##### Data for the task #####

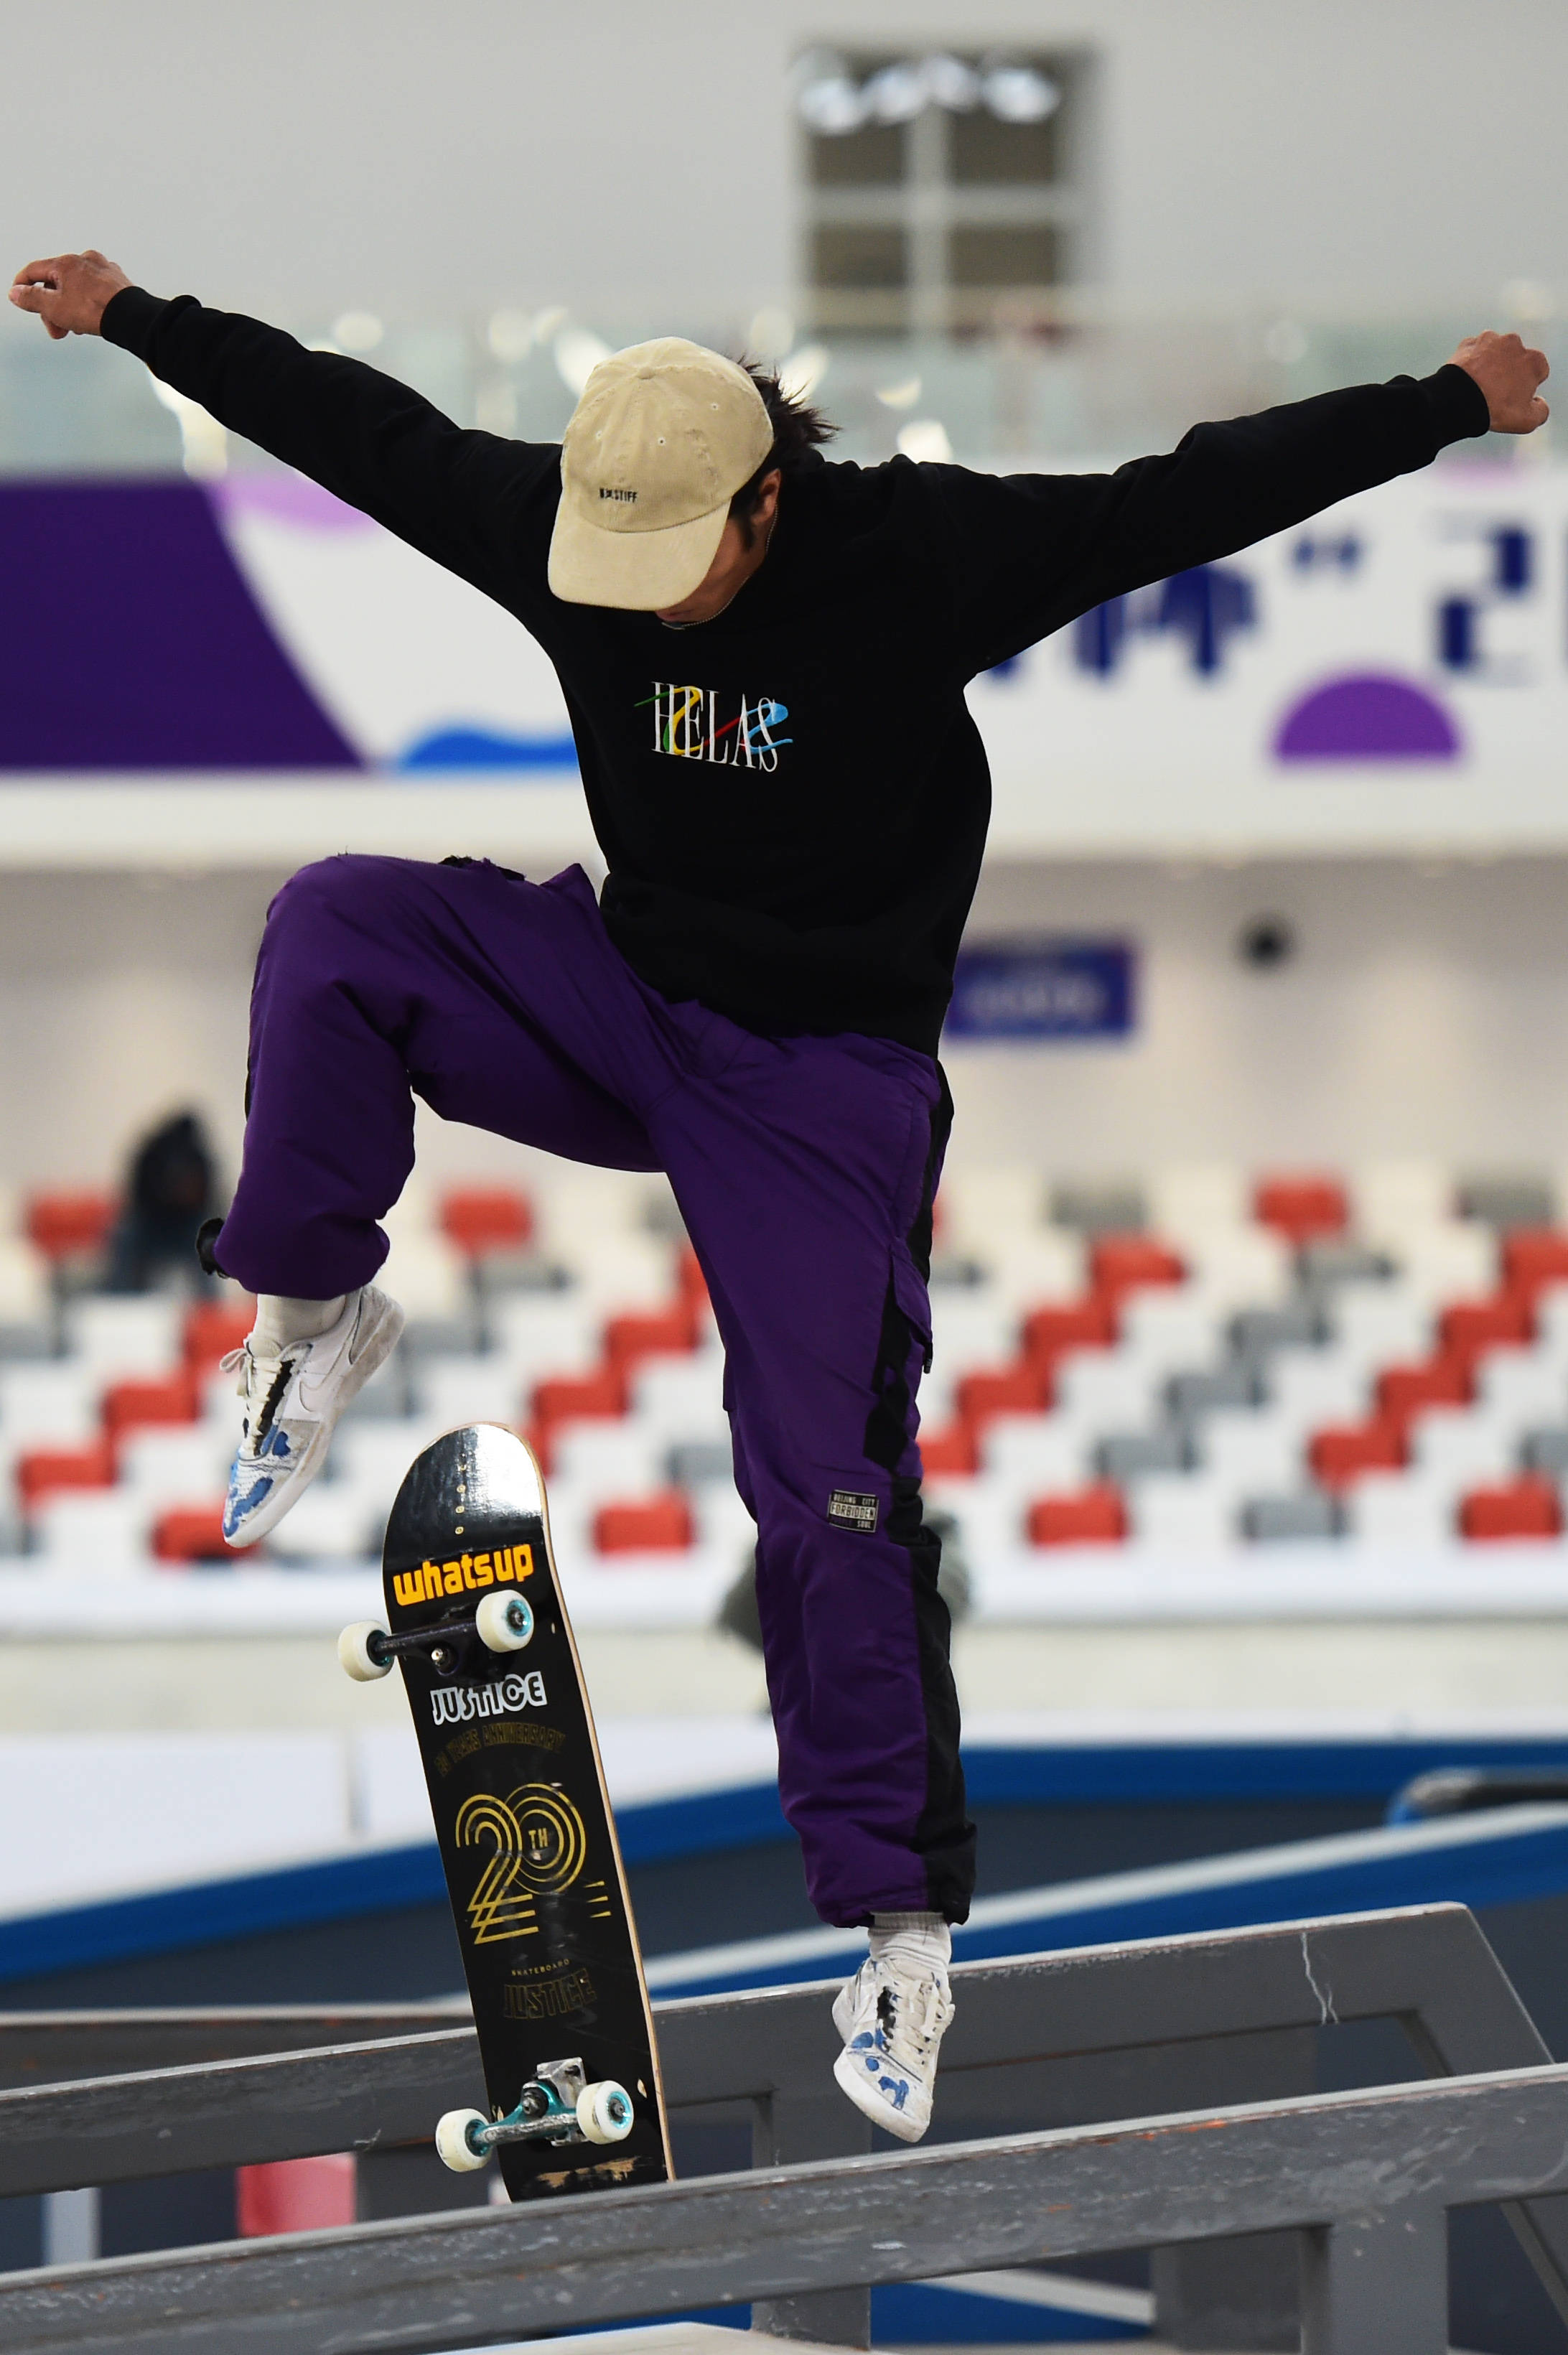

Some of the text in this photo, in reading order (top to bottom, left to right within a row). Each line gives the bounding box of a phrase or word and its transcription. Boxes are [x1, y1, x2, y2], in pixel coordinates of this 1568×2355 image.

[650, 681, 779, 773] HELAS
[831, 1503, 875, 1519] FORBIDDEN
[862, 1497, 875, 1506] CITY
[393, 1543, 534, 1607] whatsup
[429, 1670, 548, 1726] JUSTICE
[482, 1721, 566, 1755] ANNIVERSARY
[528, 1827, 549, 1850] TH
[510, 1958, 571, 1977] SKATEBOARD
[504, 1967, 597, 2020] JUSTICE
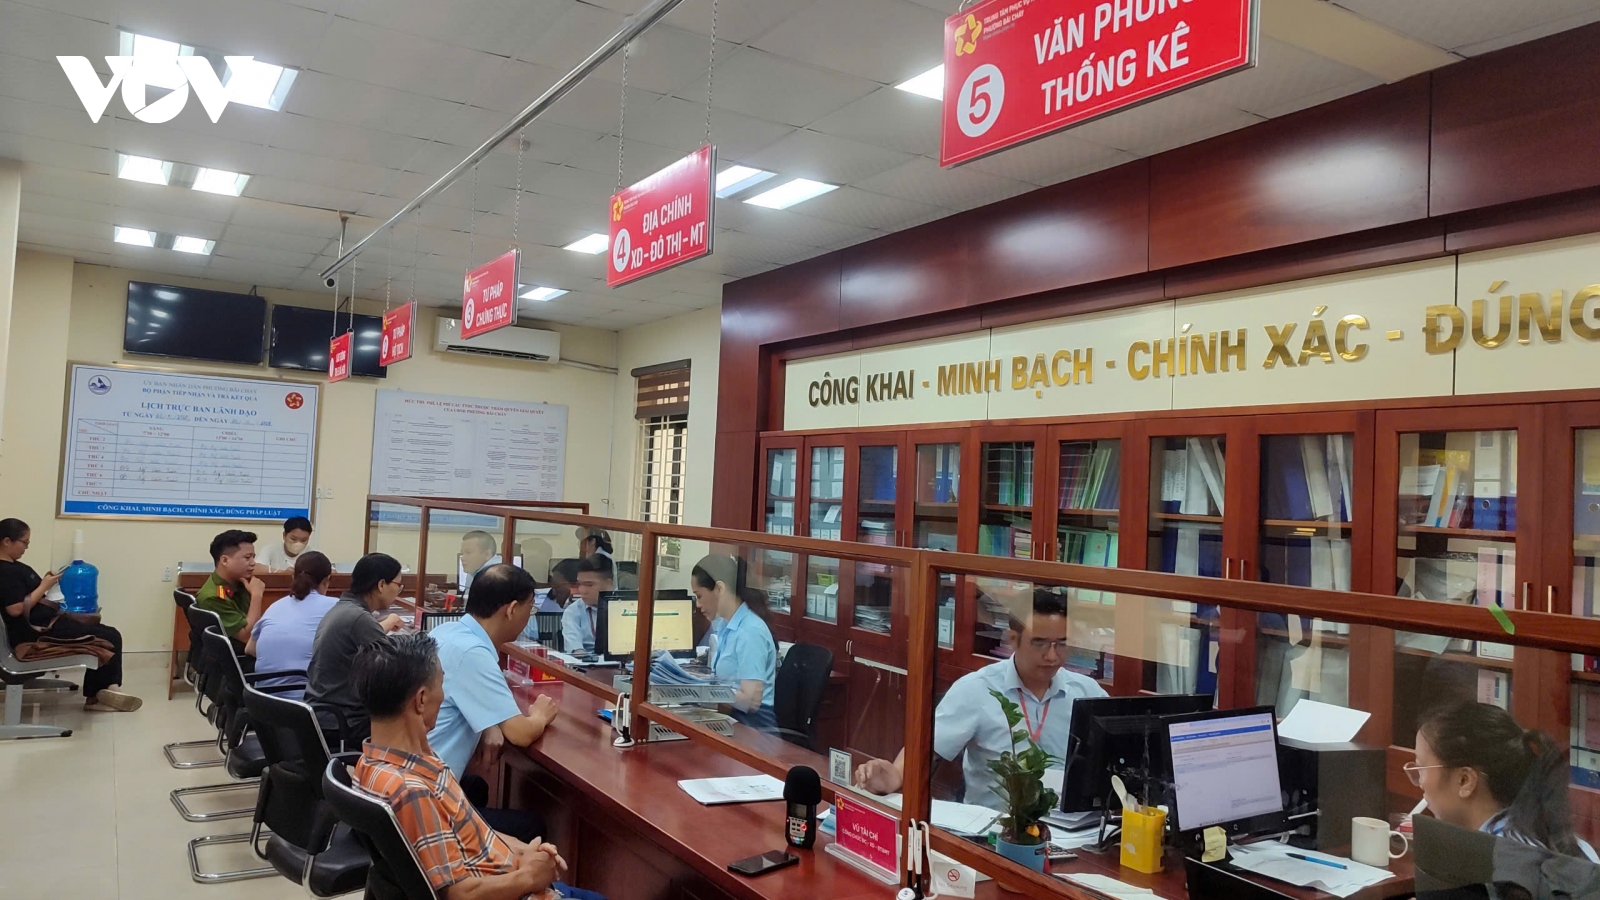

#####

> **Exercise**
What is needed here is an exact copy of all the entries, without the pictures.

> **Result of the task**
Some of the text in this photo, in reading order (top to bottom, left to right within a row). Each line gives the bounding box of a phrase or word and its transcription. Boxes are [x1, y1, x2, y2], in pixel coordinates of this 1568×2355 image.

[650, 681, 779, 773] HELAS
[831, 1503, 875, 1519] FORBIDDEN
[862, 1497, 875, 1506] CITY
[393, 1543, 534, 1607] whatsup
[429, 1670, 548, 1726] JUSTICE
[482, 1721, 566, 1755] ANNIVERSARY
[528, 1827, 549, 1850] TH
[510, 1958, 571, 1977] SKATEBOARD
[504, 1967, 597, 2020] JUSTICE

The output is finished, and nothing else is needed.